Superior

The Return of Race Science

by Angela Saini ⚡

With everything going on in the world right now, it seemed apropos to try to educate myself on the history of race science.

Race science has a long and sordid history. A history in which no Western country truly remains innocent but in which the UK can be considered one of the leaders in the racist "science" of eugenics.

To file away what happened during the war as aberrant, as something that could only have been done by the worst people under the worst circumstances, ignores the bigger truth. This was never a simple story of good versus evil. The well of scientific ideas from which Hitler and others in his regime drew their plans for ‘racial hygiene’, leading ultimately to genocide, didn’t originate in Germany alone. They had been steadily supplied for more than a century by race scientists from all over the world, supported by well-respected intellectuals, aristocrats, political leaders and women and men of wealth. Among the most influential of them all, as far as the Nazi regime was concerned, was a pair of statisticians working at 50 Gower Street, Bloomsbury – not in Germany, but in the famous old literary quarter of London.

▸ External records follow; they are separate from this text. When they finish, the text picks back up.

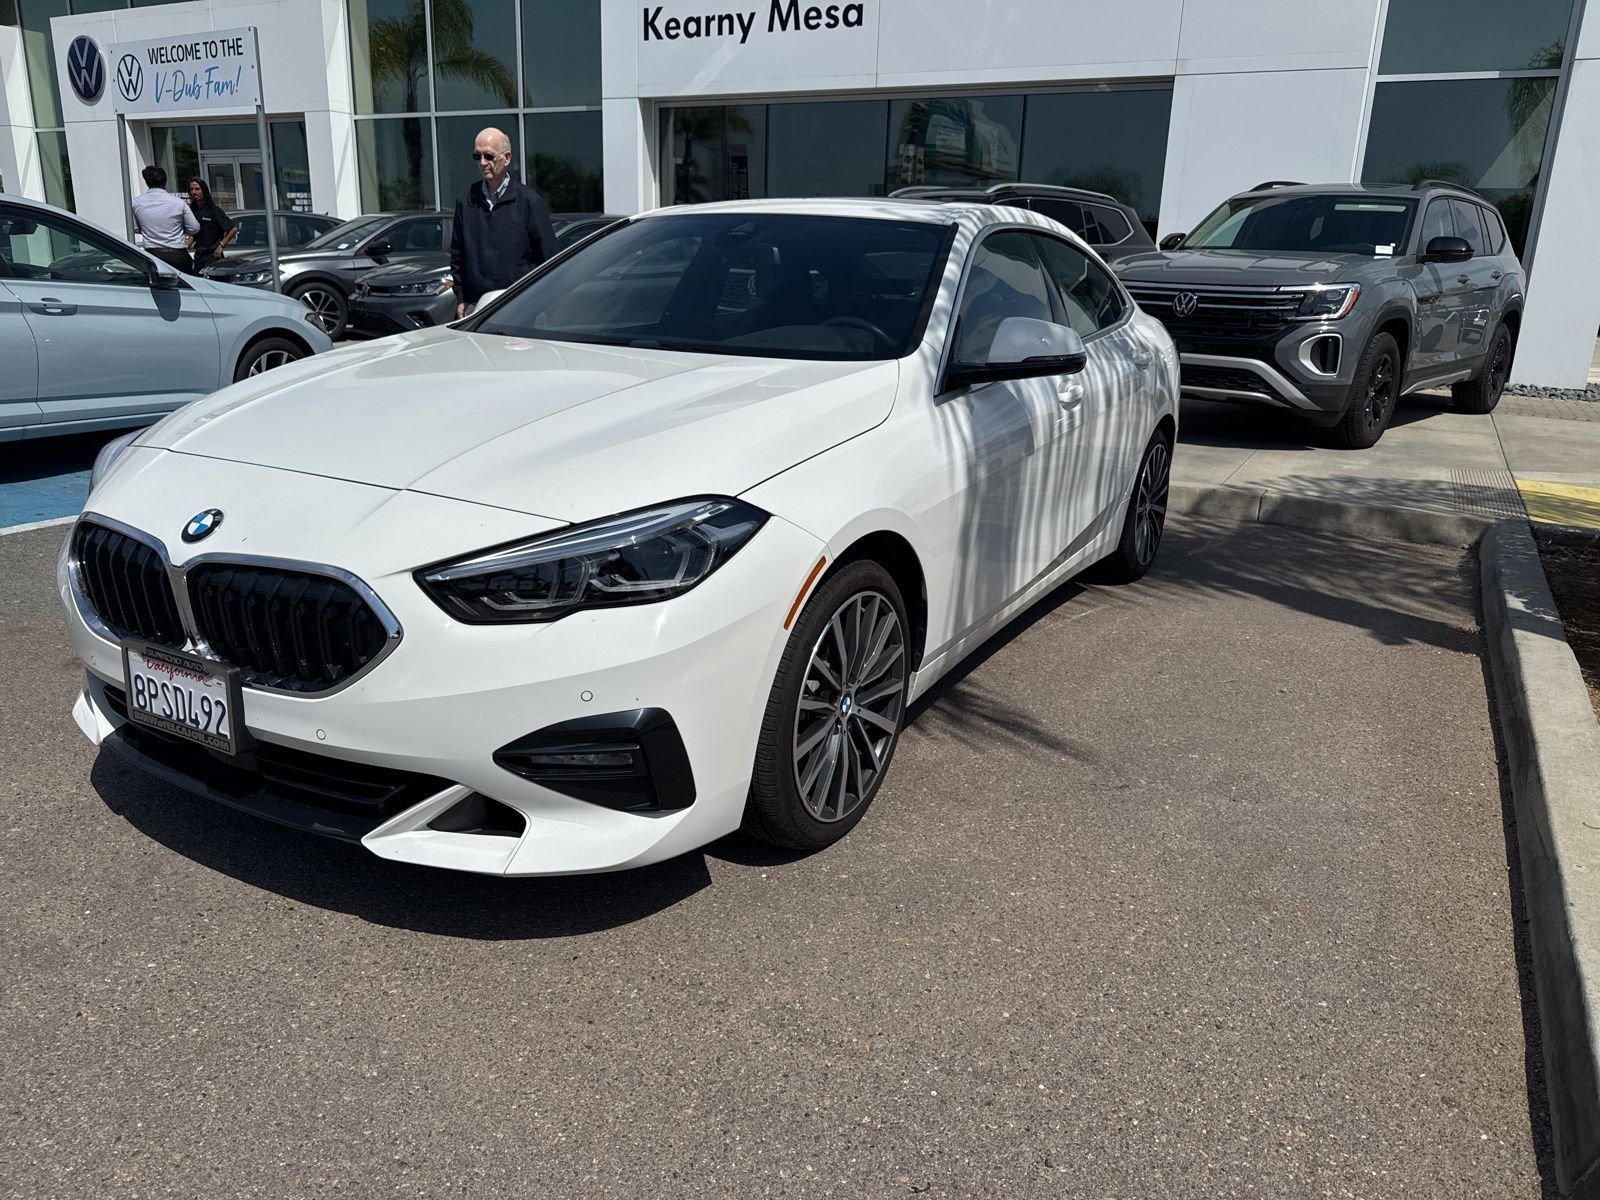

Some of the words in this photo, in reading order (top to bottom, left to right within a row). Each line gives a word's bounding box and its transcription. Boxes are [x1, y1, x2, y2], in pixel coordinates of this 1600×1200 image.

[643, 7, 756, 44] Kearny
[767, 0, 864, 32] Mesa
[148, 42, 201, 65] WELCOME
[203, 40, 218, 59] TO
[220, 38, 243, 57] THE
[155, 70, 201, 103] V-Dub
[204, 65, 242, 99] Fam!
[134, 674, 229, 740] 8PSD492

I say "science" and not science because this is the very crux of this book. Race science is not grounded in any real scientific fact. Skin colour, eye colour, "race". These things are only important in as much as they're considered to be politically important.

Ultimately, politics is always a feature of the science, just as it was in the very beginning. Once there was the backdrop of slavery and colonialism, then it was immigration and segregation, and now it is the right-wing agenda of this age. Nativism remains an issue, but there is also a backlash against greater efforts to promote racial equality in multicultural societies. And just like before, the message of those with racist intentions is tailored gently, carefully sculpted to appeal to populist fears while at the same time sounding logical and reasonable. Communicating with me, for example, Gerhard Meisenberg uses the word ‘culture’ alongside the word ‘race’ as though they’re fully interchangeable, understanding how much most people these days value and respect cultural boundaries, even if they don’t recognise biological race.

There's far too much for me to unpack from this book, it's an important and valuable read that I'd recommend to absolutely everyone. Come for the dismantling of race science but stay for the absolute dismantling of our current political and anti-science political climate.